** Task to complete **
I would like the lines below, from the one with "this 1280×960 image." through the one with "this 1366×1536 image.", copied exactly and without any pictures.

** Saved entries **
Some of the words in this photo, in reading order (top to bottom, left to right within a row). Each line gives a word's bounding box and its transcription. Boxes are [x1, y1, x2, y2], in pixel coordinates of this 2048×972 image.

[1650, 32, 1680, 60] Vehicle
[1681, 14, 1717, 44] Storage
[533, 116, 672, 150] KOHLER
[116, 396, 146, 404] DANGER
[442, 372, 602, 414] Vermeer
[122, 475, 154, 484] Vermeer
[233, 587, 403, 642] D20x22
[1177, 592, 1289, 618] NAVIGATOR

==

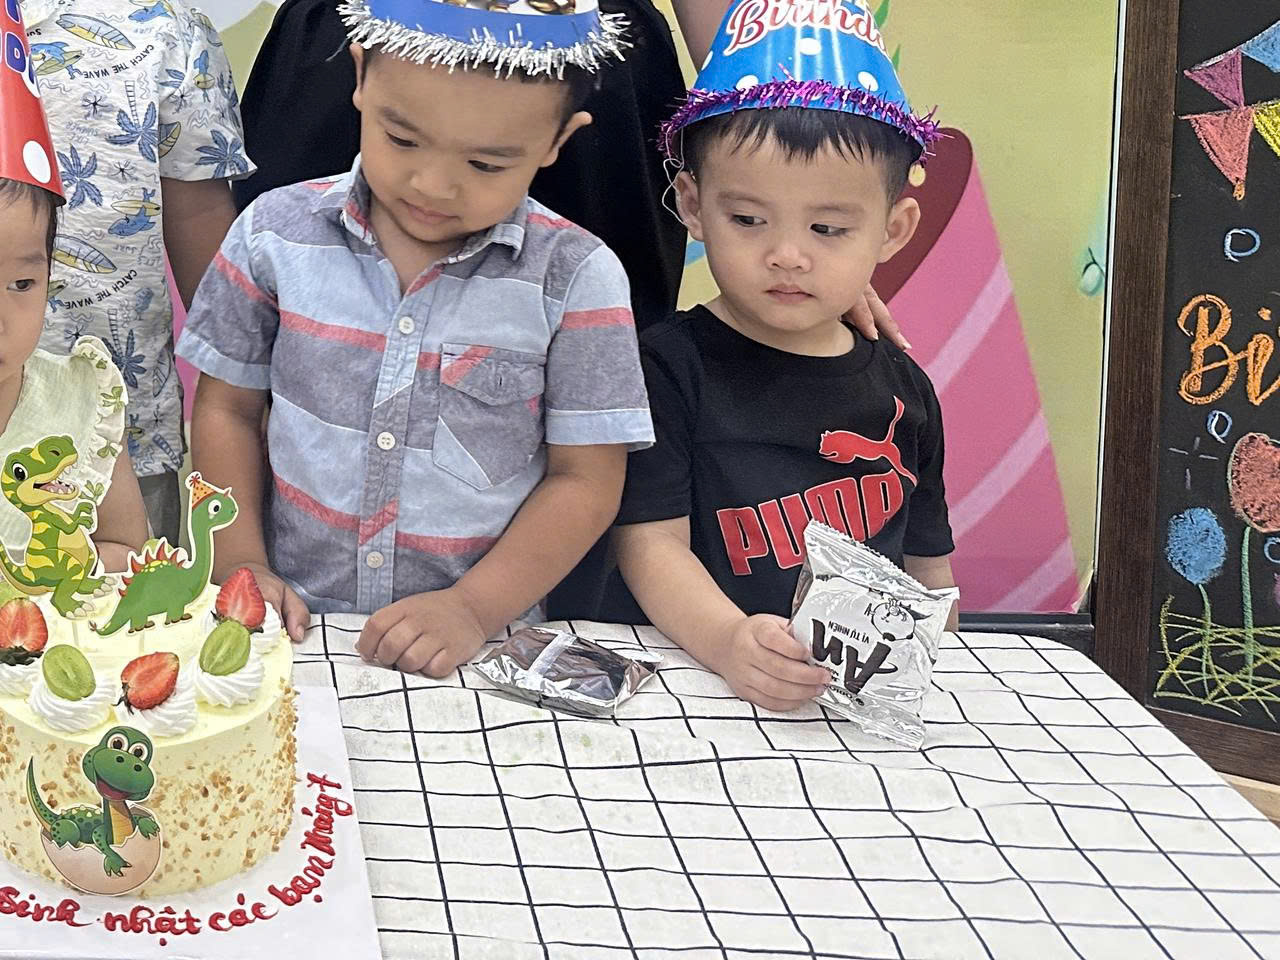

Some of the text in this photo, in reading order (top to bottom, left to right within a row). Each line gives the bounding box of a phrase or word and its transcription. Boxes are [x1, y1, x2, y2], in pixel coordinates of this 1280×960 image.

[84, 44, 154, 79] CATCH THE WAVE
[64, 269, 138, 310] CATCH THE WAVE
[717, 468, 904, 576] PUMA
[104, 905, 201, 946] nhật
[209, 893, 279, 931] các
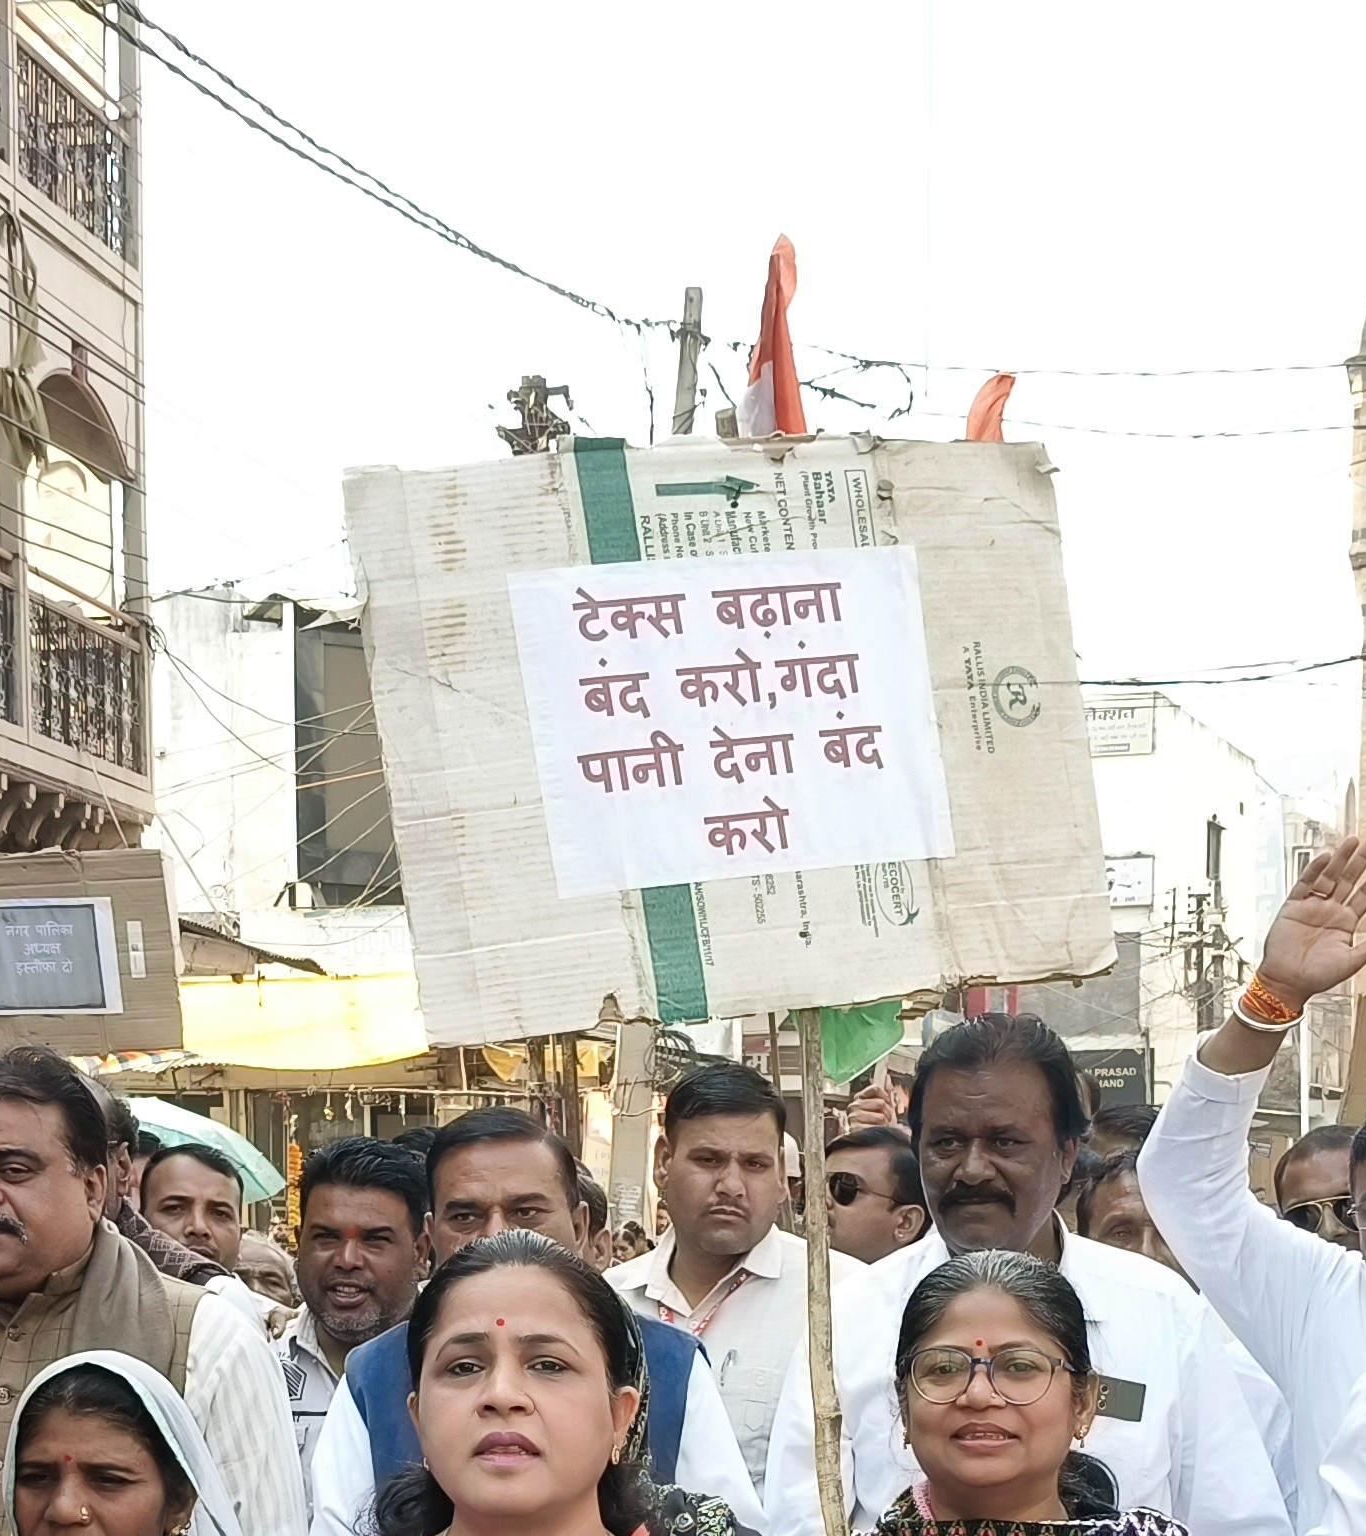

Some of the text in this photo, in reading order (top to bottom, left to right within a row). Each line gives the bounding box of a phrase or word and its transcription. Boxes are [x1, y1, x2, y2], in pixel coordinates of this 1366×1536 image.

--

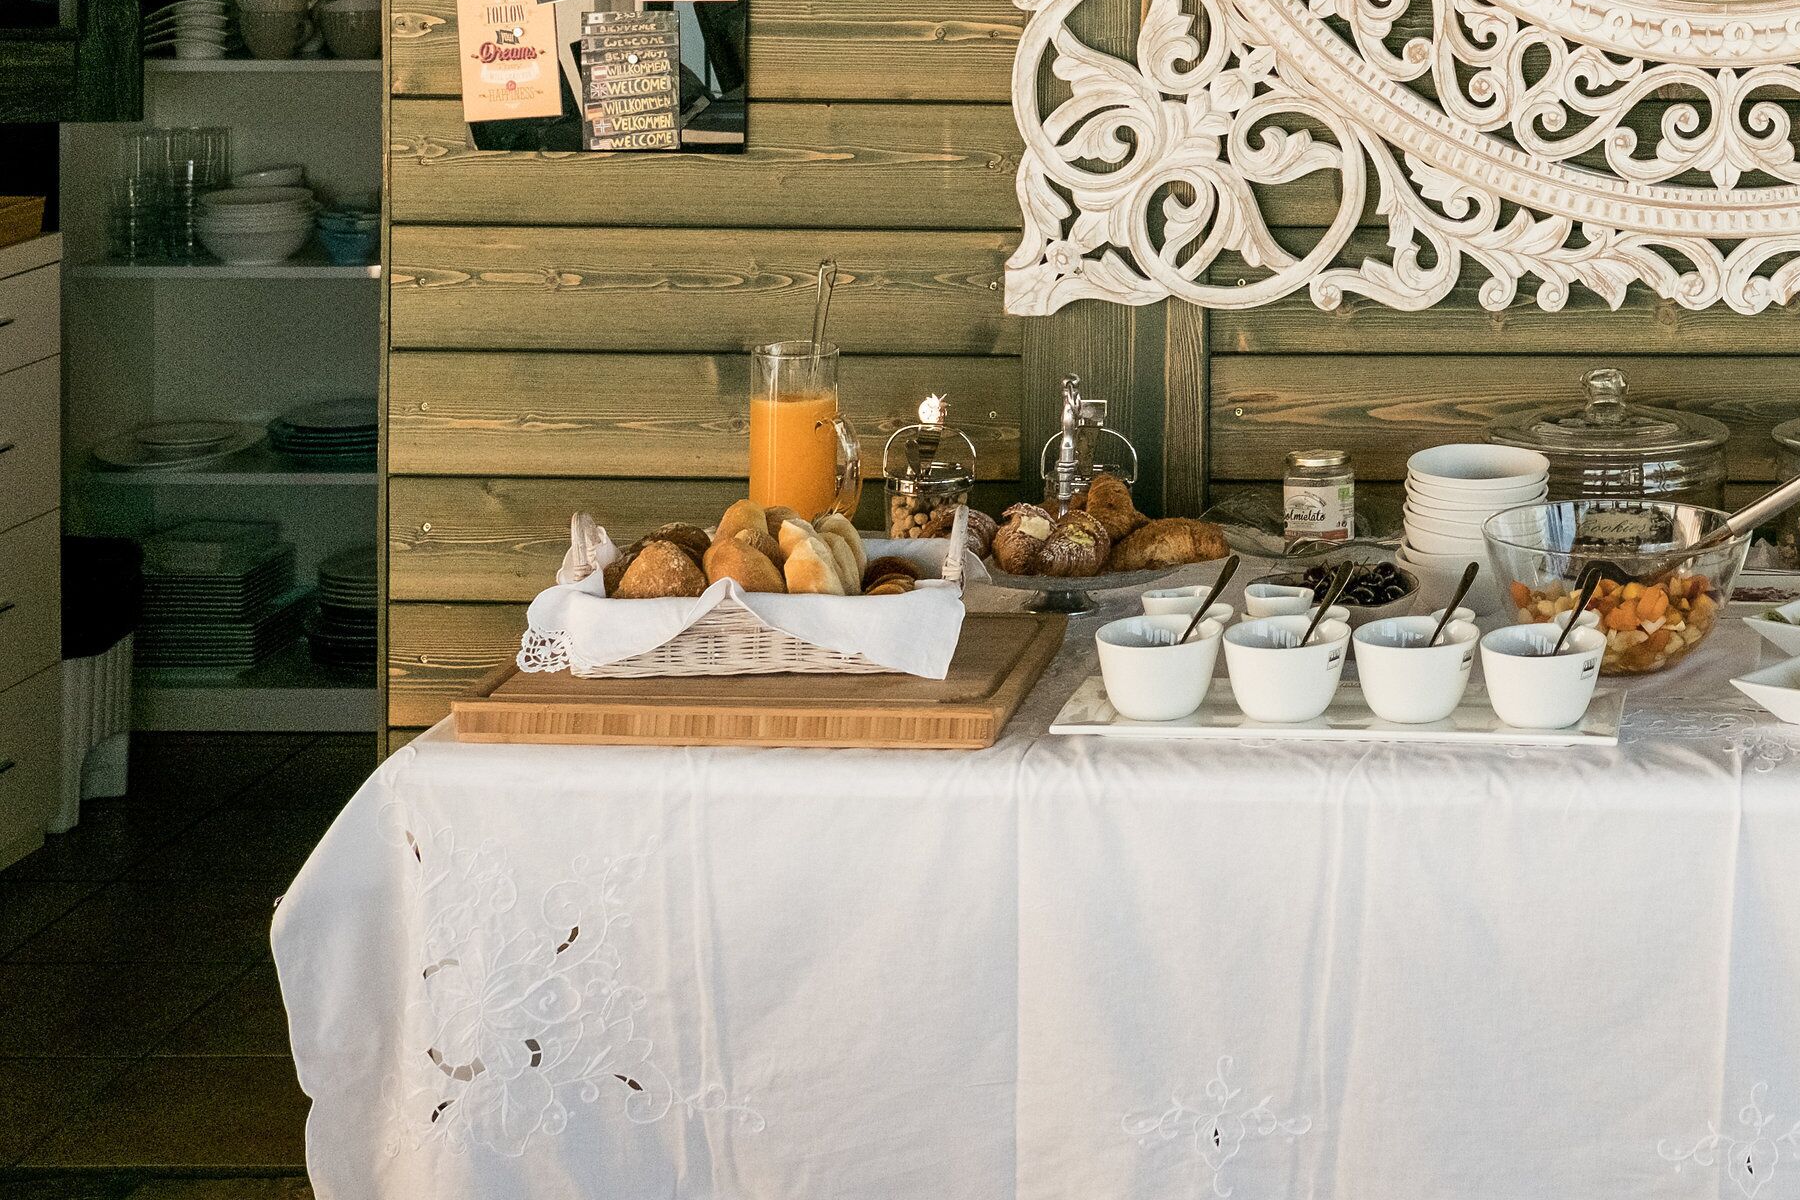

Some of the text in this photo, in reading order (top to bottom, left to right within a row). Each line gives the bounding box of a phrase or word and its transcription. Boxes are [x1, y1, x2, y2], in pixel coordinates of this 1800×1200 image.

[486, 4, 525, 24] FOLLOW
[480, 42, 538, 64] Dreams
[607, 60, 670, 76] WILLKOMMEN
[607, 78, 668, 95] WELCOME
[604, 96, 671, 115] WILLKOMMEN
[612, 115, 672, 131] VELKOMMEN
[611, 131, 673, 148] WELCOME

** Response for this exercise **
Some of the text in this photo, in reading order (top to bottom, left to right within a row). Each line gives the bounding box of a phrase or word and its transcription. Boxes are [x1, y1, x2, y2], in pixel coordinates of this 1280×960 image.

[84, 44, 154, 79] CATCH THE WAVE
[64, 269, 138, 310] CATCH THE WAVE
[717, 468, 904, 576] PUMA
[104, 905, 201, 946] nhật
[209, 893, 279, 931] các

Some of the text in this photo, in reading order (top to bottom, left to right within a row). Each line gives the bounding box of a phrase or word and its transcription. Boxes are [x1, y1, x2, y2], in pixel coordinates of this 1366×1536 image.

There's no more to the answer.